# How To Transfer Wealth WITHOUT Paying Taxes!

## Метаданные

- **Канал:** LYFE Accounting
- **YouTube:** https://www.youtube.com/watch?v=OlGpl955mw4
- **Дата:** 06.05.2026
- **Длительность:** 11:04
- **Просмотры:** 743
- **Источник:** https://ekstraktznaniy.ru/video/50681

## Описание

How to Avoid Tax Mistakes When Passing Down Wealth. 
Get a Free Consultation: https://mycpacoach.com/contact/

In this video, I break down how to transfer wealth to your children without triggering unnecessary estate taxes, gift taxes, or massive capital gains taxes. 

I explain why estate taxes are largely a myth for the majority of people, how gift tax rules actually work, and how you can use your lifetime exemption strategically to transfer money while you’re alive. 

I walk through gifting appreciated assets, and how that can create a huge tax burden for your kids due to carryover basis.
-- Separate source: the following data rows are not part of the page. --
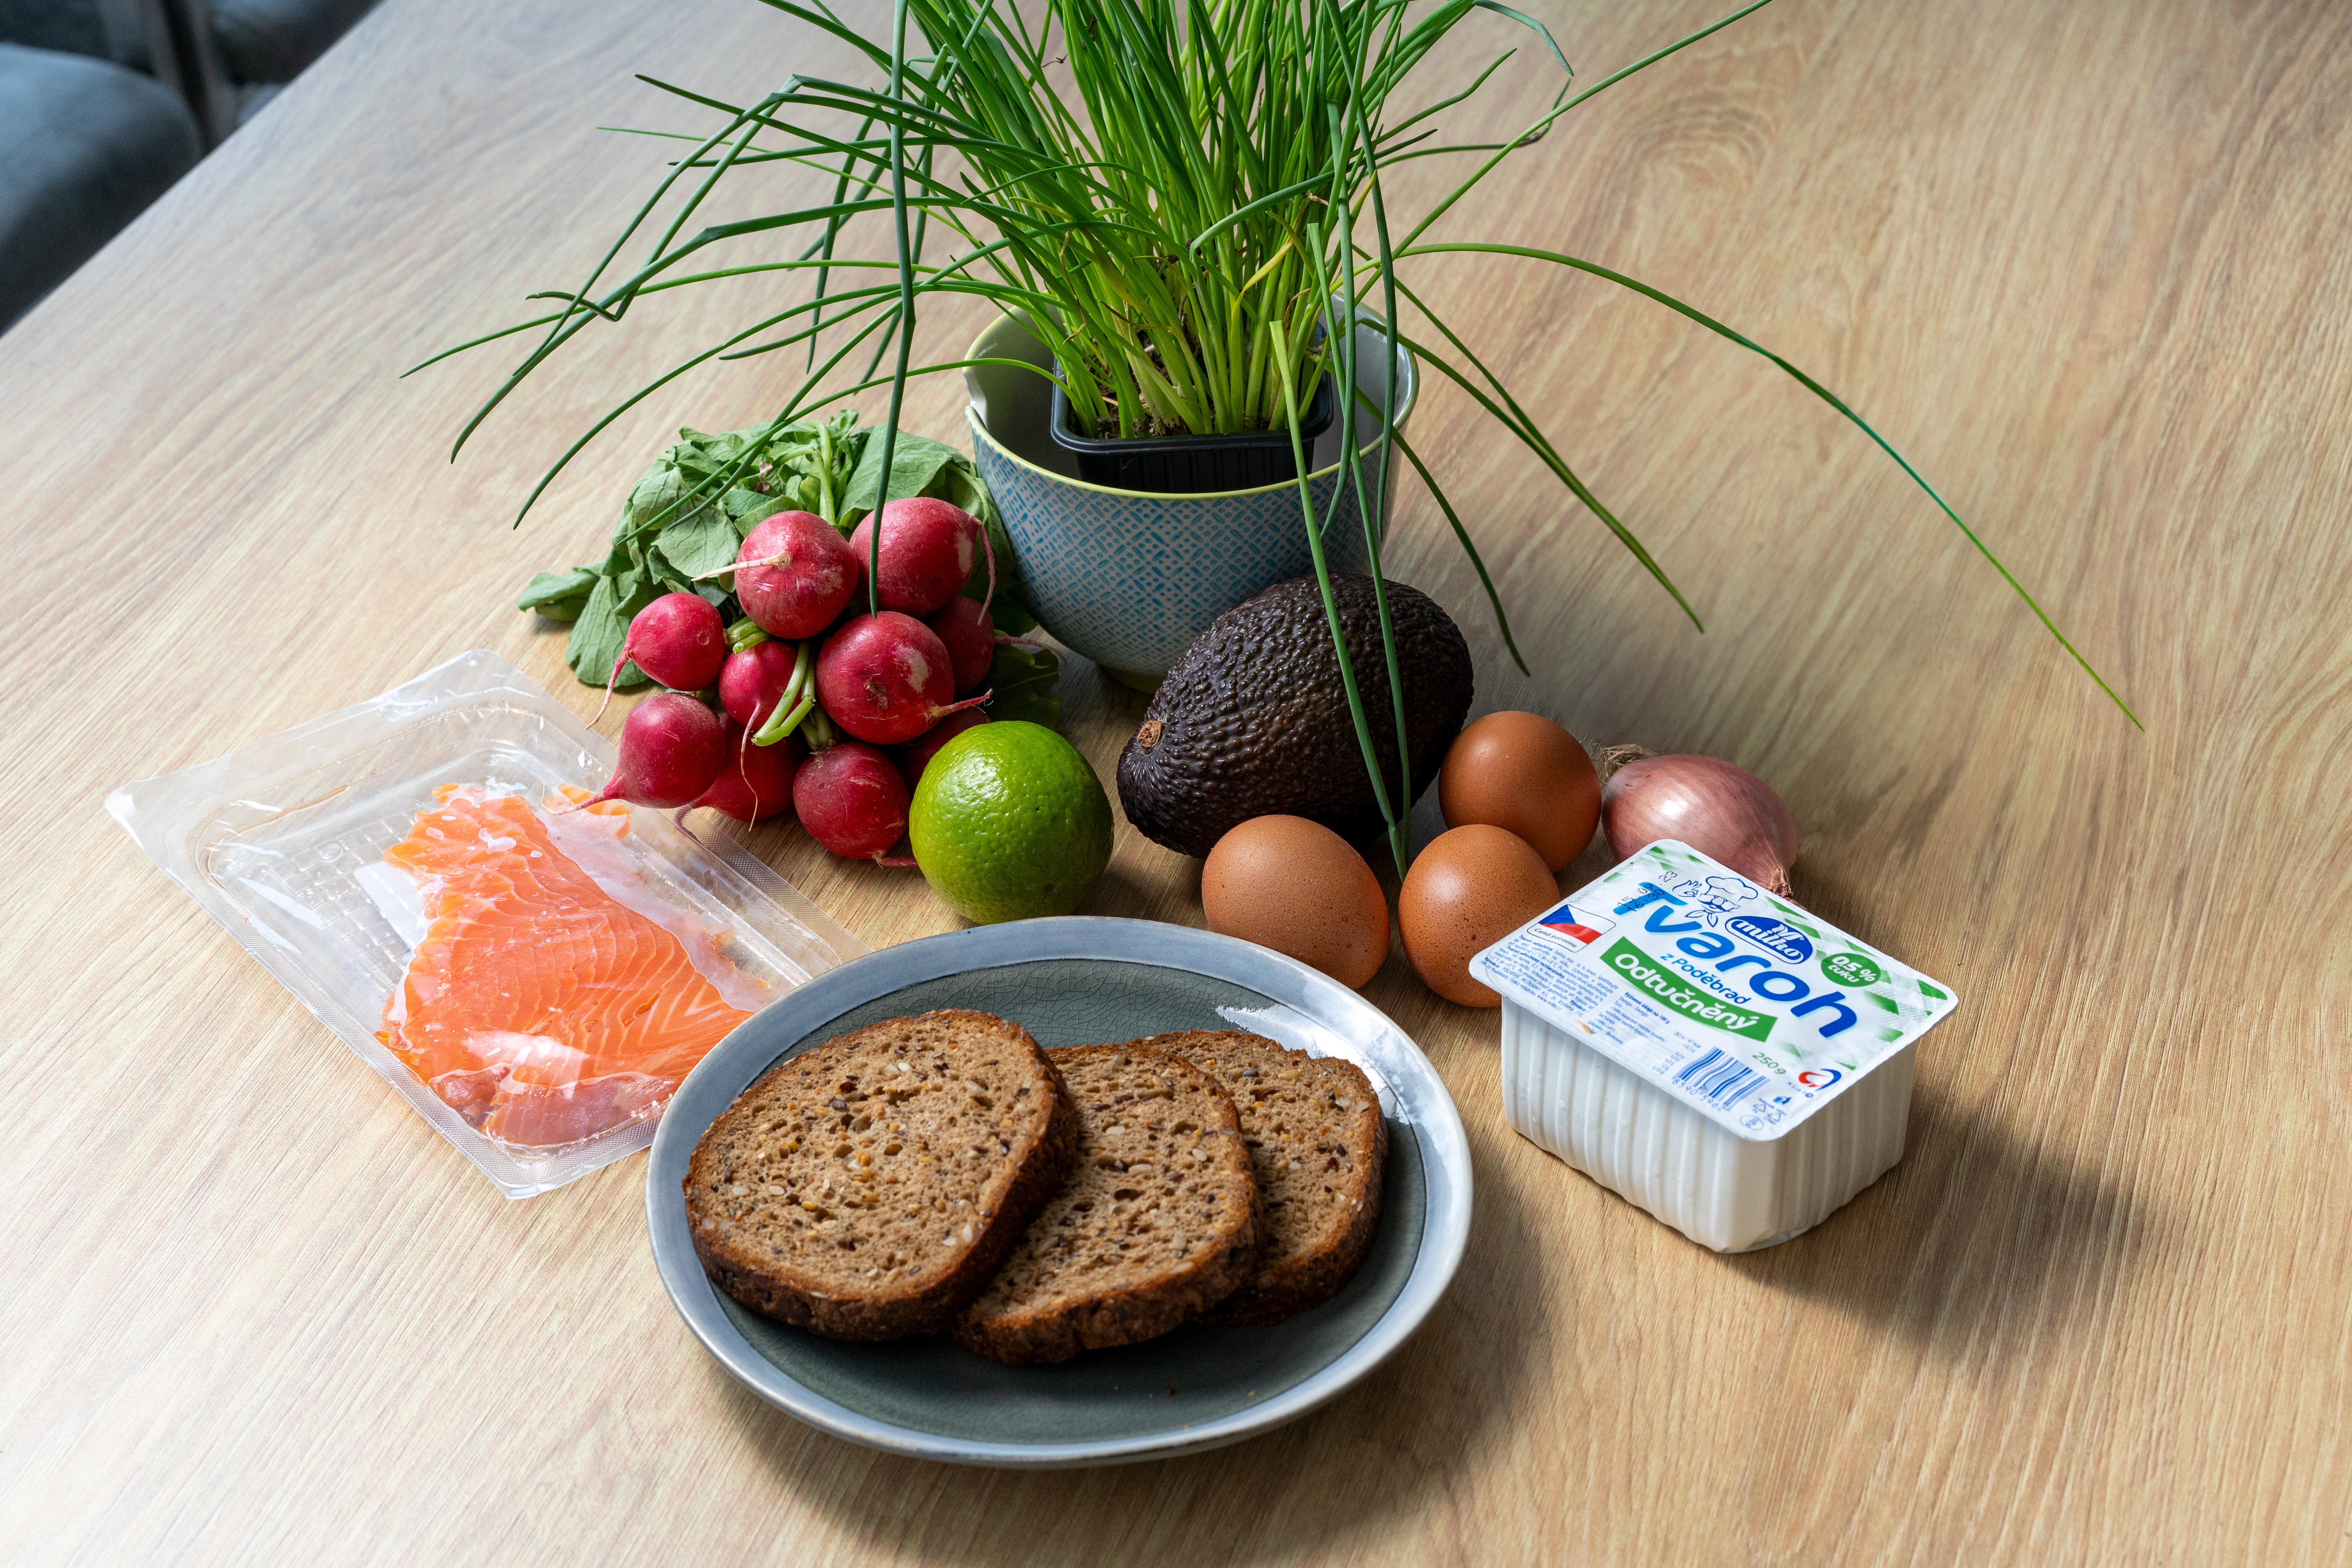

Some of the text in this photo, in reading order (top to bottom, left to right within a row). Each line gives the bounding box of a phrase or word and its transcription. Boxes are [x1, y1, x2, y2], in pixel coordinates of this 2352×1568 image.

[1534, 928, 1577, 948] Česká potravina
[1736, 921, 1799, 956] milko
[1613, 882, 1857, 1037] Tvaroh
[1671, 959, 1751, 1004] Poděbrad
[1828, 965, 1859, 982] tuku
[1858, 969, 1877, 981] %
[1615, 953, 1759, 1030] Odtučněný
[1752, 1052, 1779, 1068] 250
You’ll also learn how the step-up basis works, why it’s one of the most powerful tools for passing down wealth tax-efficiently, and how different assets, like real estate, stocks, businesses, and retirement accounts, are treated when inherited. 

As a licensed CPA who tax plans every day, I’ll show you how to protect your wealth, reduce taxes, and set your children up the right way.

Go ahead and 

## Транскрипт

### Navigating tax implications when passing wealth []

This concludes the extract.